If auto-callout was enabled in a pattern with a conditional group whose condition was an assertion, DIRegEx could crash during matching, both with pcre_exec() and pcre_dfa_exec().
The PCRE_DOLLAR_ENDONLY option was not working when pcre_dfa_exec() was used for matching.
Unicode property support in character classes was not working for characters (bytes) greater than 127 when not in UTF-8 mode.
Added the PCRE_NO_START_OPTIMIZE match-time option.
A conditional group that had only one branch was not being correctly recognized as an item that could match an empty string. This meant that an enclosing group might also not be so recognized, causing infinite looping (and probably a segfault) for patterns such as ^"((?(?=[a])[^"])|b)*"$ with the subject "ab", where knowledge that the repeated group can match nothing is needed in order to break the loop.
If a pattern that was compiled with callouts was matched using pcre_dfa_ exec(), but without supplying a callout function, matching went wrong.
If PCRE_ERROR_MATCHLIMIT occurred during a recursion, there was a memory leak if the size of the offset vector was greater than 30. When the vector is smaller, the saved offsets during recursion go onto a local stack vector, but for larger vectors malloc() is used. It was failing to free when the recursion yielded PCRE_ERROR_MATCH_LIMIT (or any other "abnormal" error, in fact).

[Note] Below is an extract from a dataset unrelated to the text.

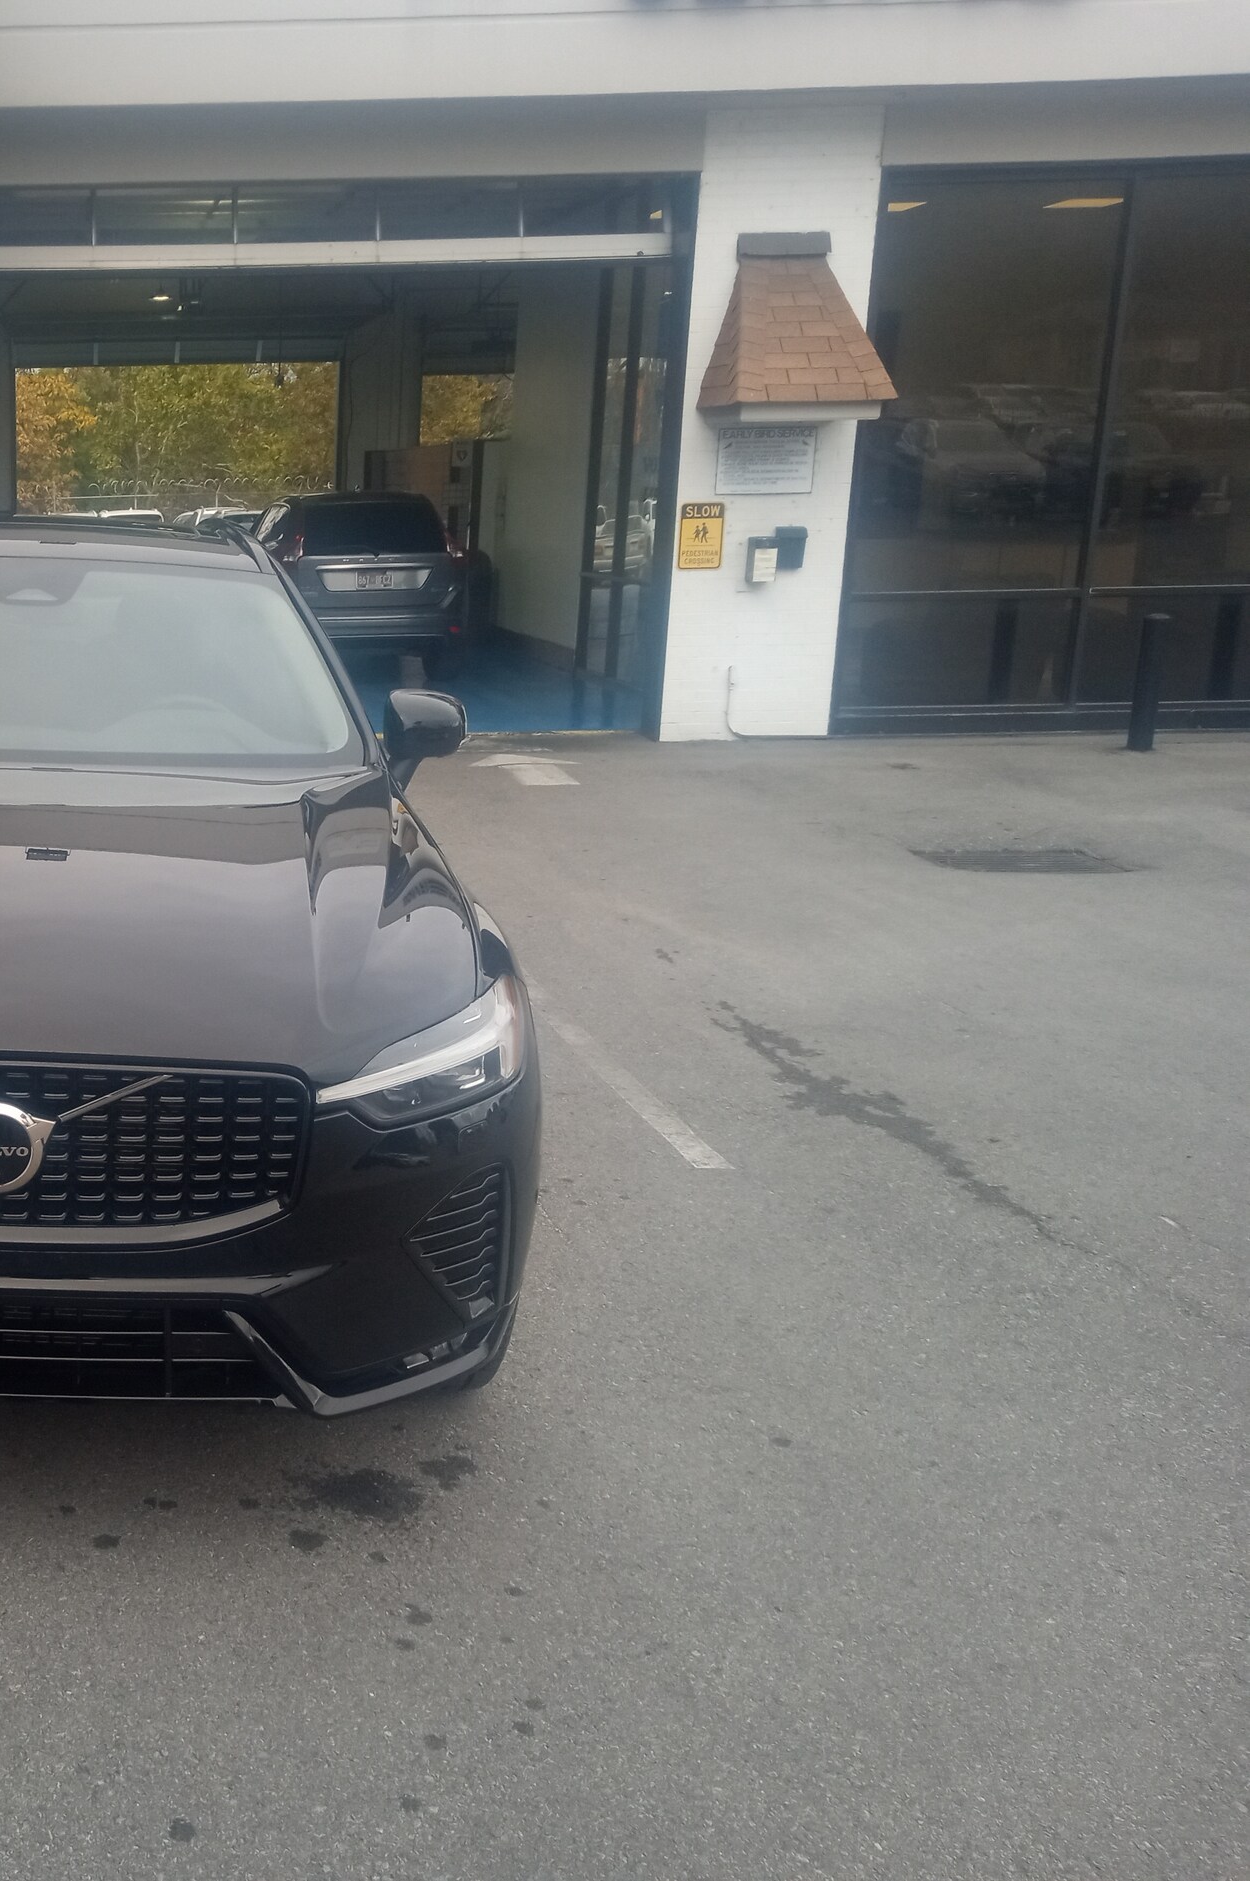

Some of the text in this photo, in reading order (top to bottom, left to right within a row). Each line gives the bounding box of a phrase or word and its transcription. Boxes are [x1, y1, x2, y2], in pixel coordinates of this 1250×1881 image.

[723, 428, 815, 439] EARLY BIRD SERVICE
[685, 505, 721, 517] SLOW
[684, 557, 716, 565] CROSSING

Forward references, both numeric and by name, in patterns that made use of duplicate group numbers, could behave incorrectly or give incorrect errors, because when scanning forward to find the reference group, PCRE was not taking into account the duplicate group numbers. A pattern such as ^X(?3)(a)(?|(b)|(q))(Y) is an example.
Added support for (*UTF8) at the start of a pattern.
Work around an unexpected Delphi 2009 automatic numeric AnsiChar Unicode conversion in DIUtils.pas which caused an error when compiled on a Windows OS set to a non-European (Asian, Cyrillic, etc.) codepage.
Delphi 2009 support.
Fix an expression study bug when a pattern contained a group with a zero qualifier.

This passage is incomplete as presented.